### Your instructions
Your job here is to restate every record exactly, pictures excluded.
(Exercise inputs)
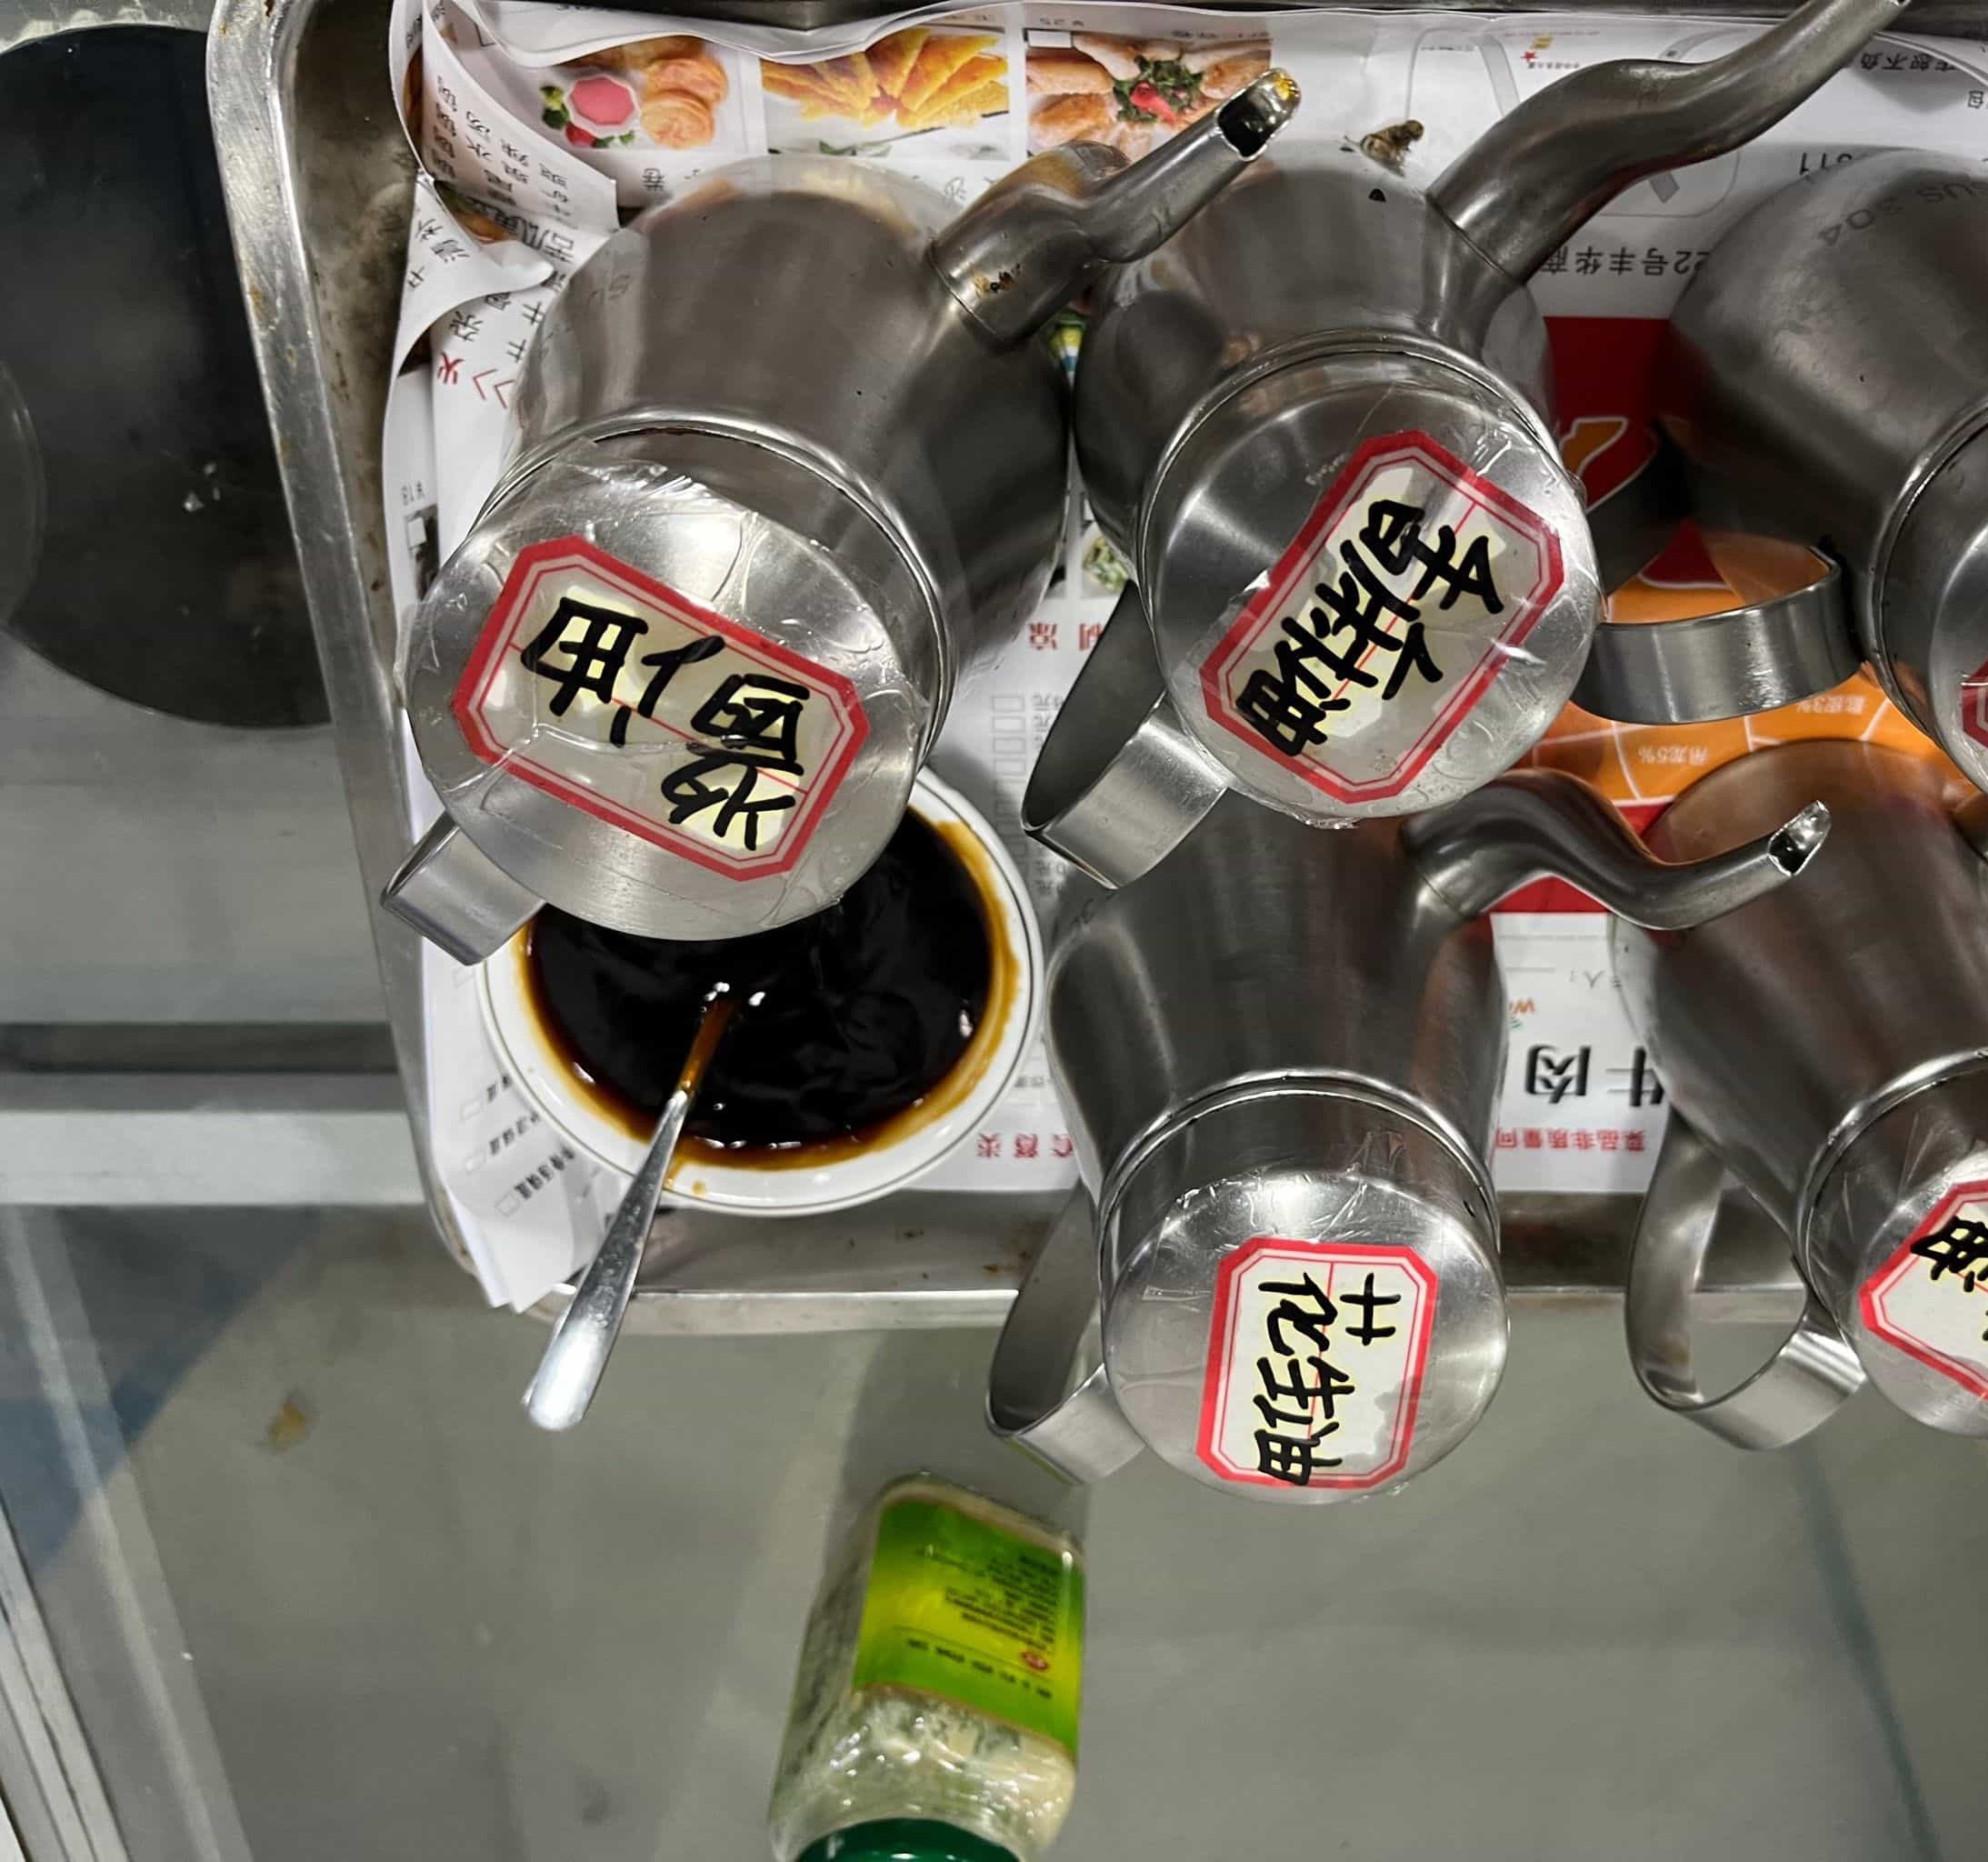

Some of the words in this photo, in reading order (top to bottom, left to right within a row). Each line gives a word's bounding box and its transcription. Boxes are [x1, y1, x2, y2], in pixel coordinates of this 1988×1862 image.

[520, 596, 810, 852] 酱油
[1235, 499, 1504, 756] 香麻油
[1523, 1045, 1664, 1107] 牛肉
[1254, 1272, 1402, 1486] 花生油
(End Exercise inputs)
### Output for this exercise
Some of the words in this photo, in reading order (top to bottom, left to right within a row). Each line gives a word's bounding box and its transcription. Boxes are [x1, y1, x2, y2], in pixel coordinates of this 1988×1862 image.

[520, 596, 810, 852] 酱油
[1235, 499, 1504, 756] 香麻油
[1523, 1045, 1664, 1107] 牛肉
[1254, 1272, 1402, 1486] 花生油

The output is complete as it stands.